Abstract

Utilization of photocatalytic reactions to trigger persistent large-scale reactions could be an alternative path for practical solar energy conversion to relieve environmental pressure nowadays. We took the view that the photoinduction of transition states was critical for improving the activity of catalytic reactions. On the basis of theoretical predictions, the reaction Gibbs free energy of permonosulfate (PMS) activation can be rapidly reduced by molybdenum with low valence.
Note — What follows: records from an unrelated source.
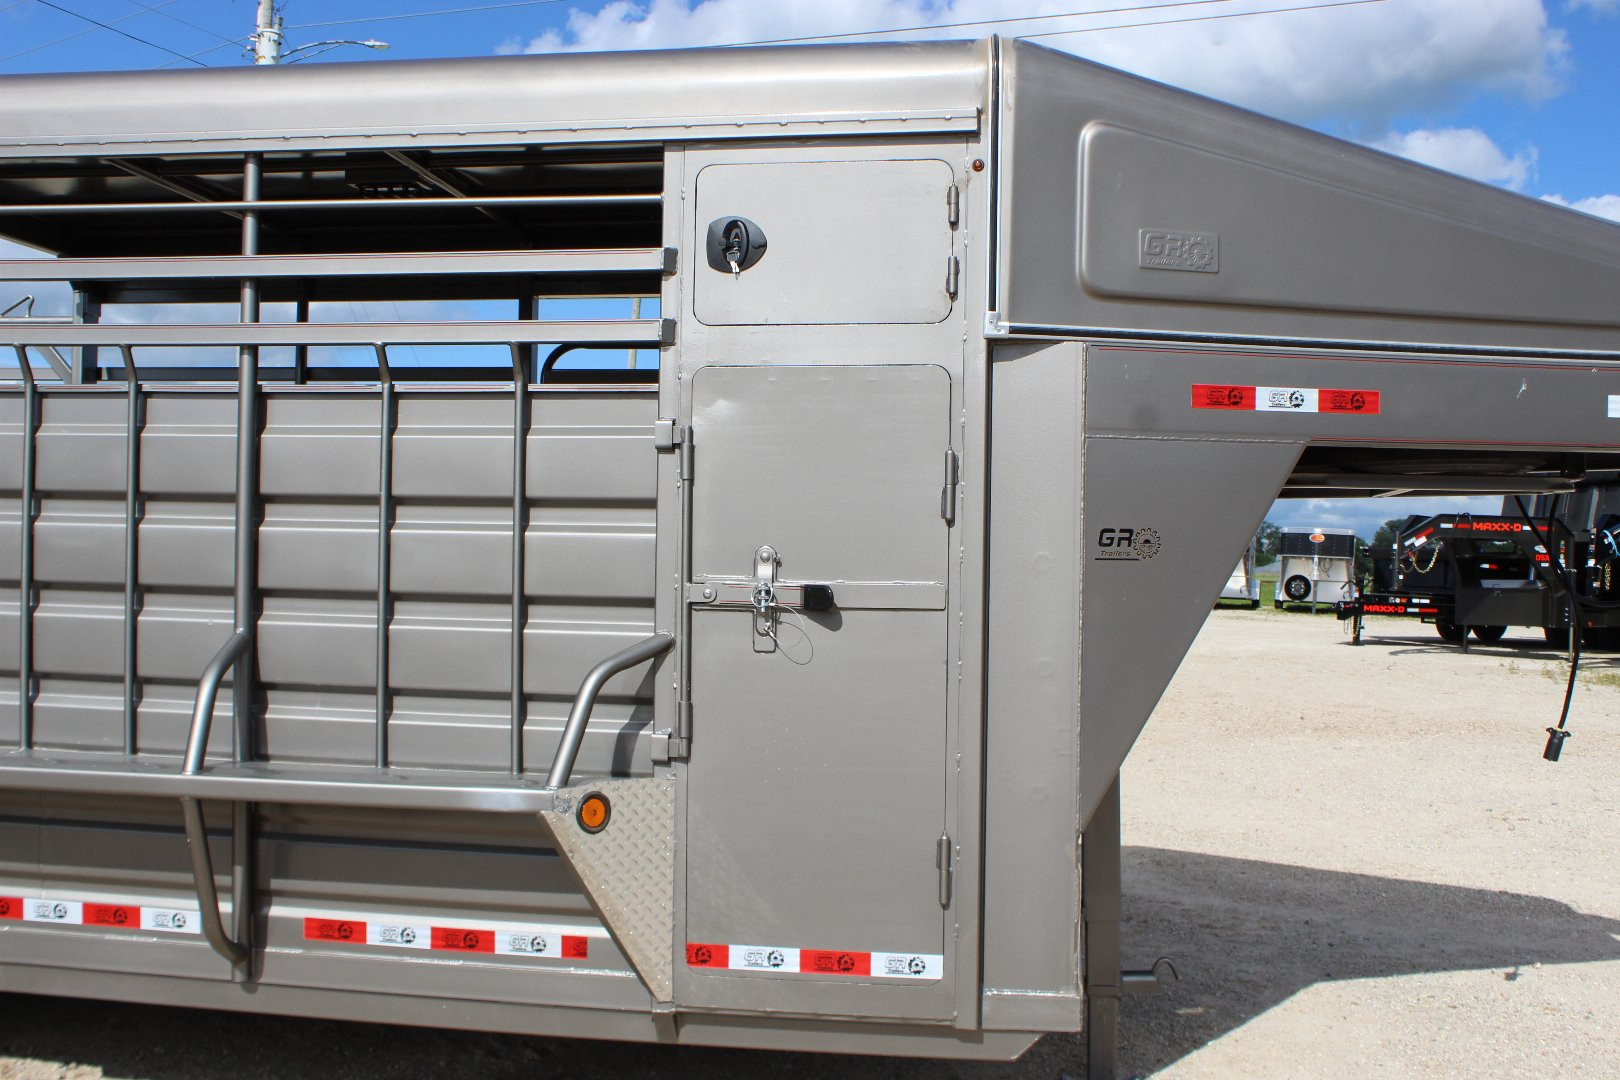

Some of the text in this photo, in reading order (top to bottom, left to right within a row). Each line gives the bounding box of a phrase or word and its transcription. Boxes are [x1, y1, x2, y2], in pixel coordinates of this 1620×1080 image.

[1144, 232, 1184, 257] GR
[1268, 389, 1288, 403] GR
[1472, 522, 1522, 532] MAXX-D
[1098, 527, 1134, 548] GR
[1363, 604, 1405, 613] MAXX-D
[379, 926, 399, 939] GR
[508, 935, 530, 948] GR
[743, 948, 766, 962] GR
[885, 956, 908, 969] GR
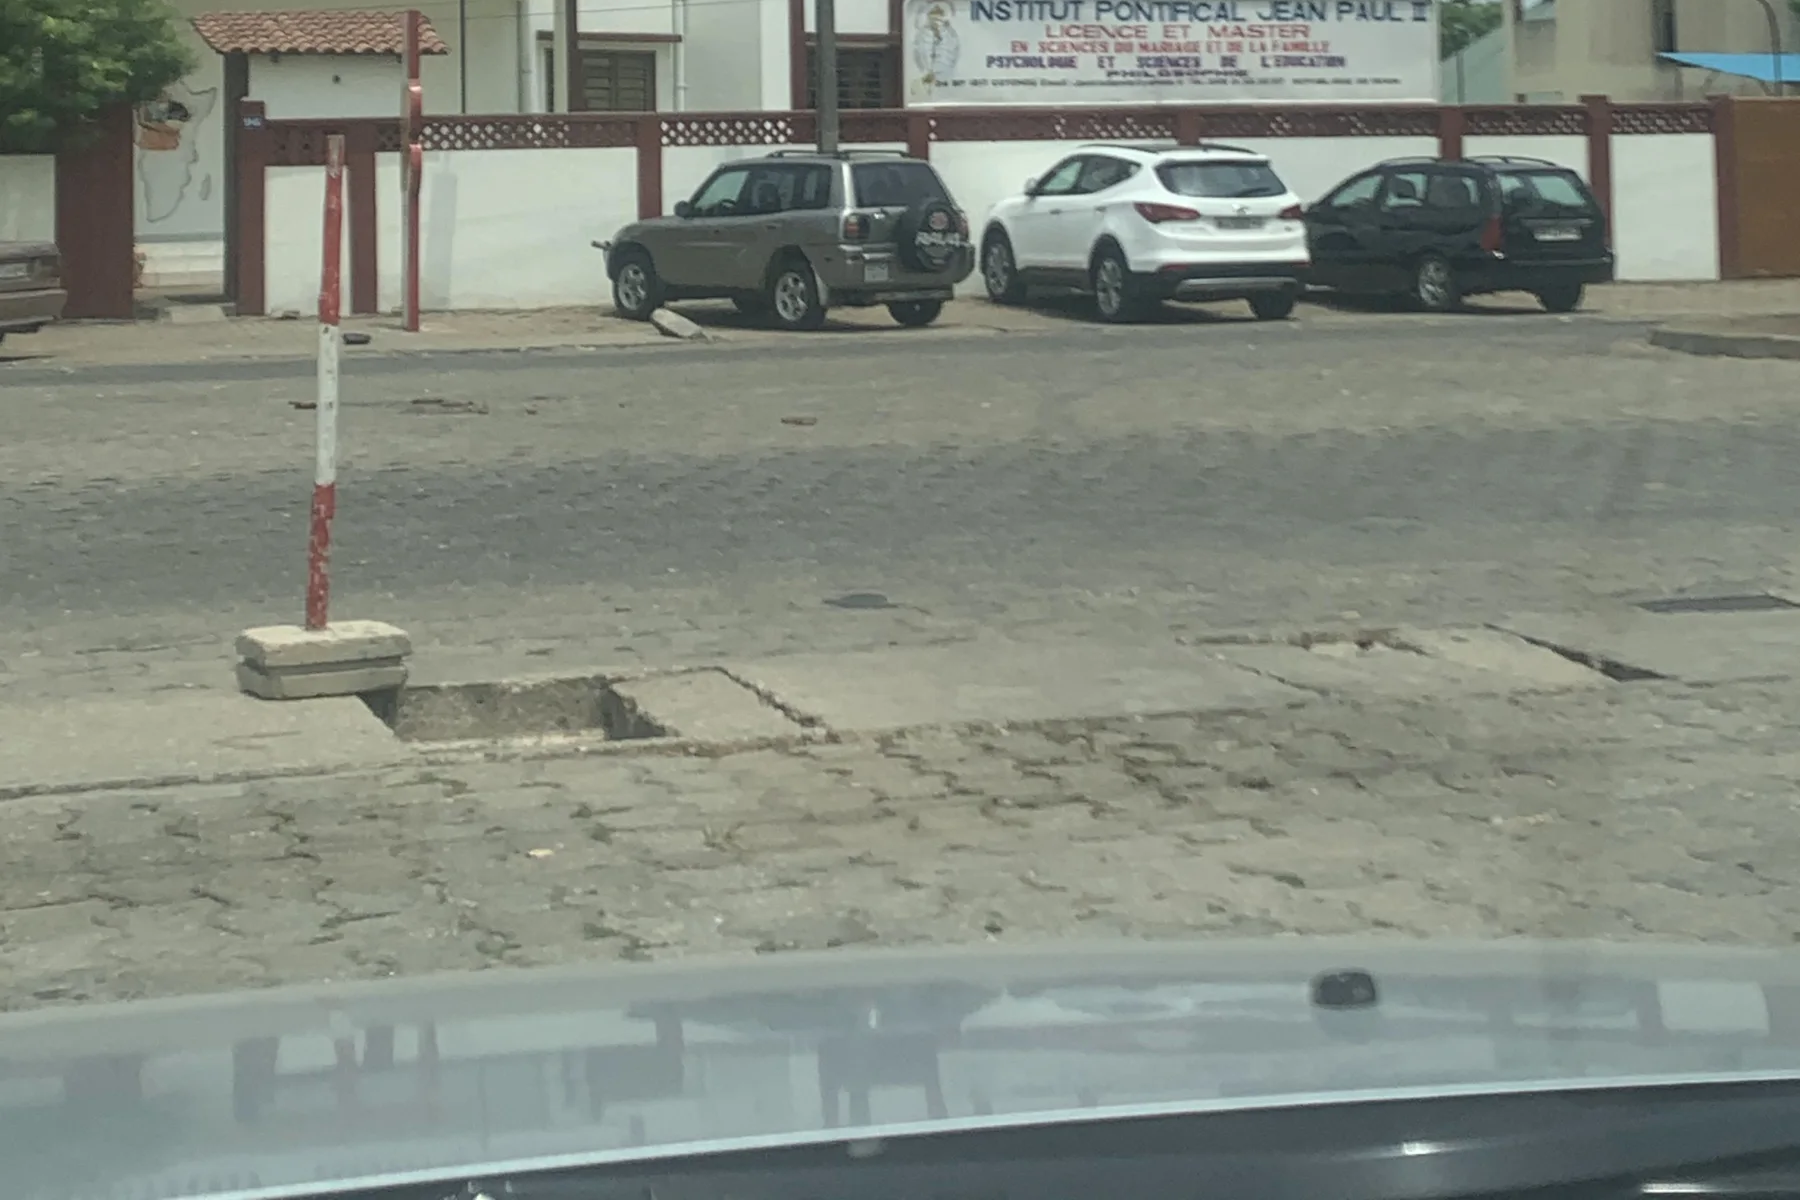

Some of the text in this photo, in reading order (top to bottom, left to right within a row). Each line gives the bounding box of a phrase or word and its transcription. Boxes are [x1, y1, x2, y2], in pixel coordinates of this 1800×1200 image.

We therefore constructed a multiphasic molybdenum dichalcogenide (MoS₂) heterostructure-based photosystem that enabled generation of Mo transition states by visible light excitation. According to combination results of electron paramagnetic resonance, photoelectrochemical analysis, and X-ray photoelectron spectroscopy, we confirmed that the optimized 2H/1T heterojunction permitted the transport of excited interfacial electrons from the semiconductive 2H phase to the metallic 1T phase, and synchronously partially reduced Mo(IV) to Mo(III) at the interface. This intensified the charge transfer between the MoS₂ and PMS-containing solution, thereby efficiently splitting the PMS molecules into ^•OH and SO₄^•- radicals. In this system, a type of refractory herbicide, 2,4-dichlorophenoxyacetic acid (2,4-D), can be degraded within 60 min at a rate constant of 6.20 × 10^-2 min^-1 using multiphasic MoS₂ with a 1T/2H ratio of 1:1.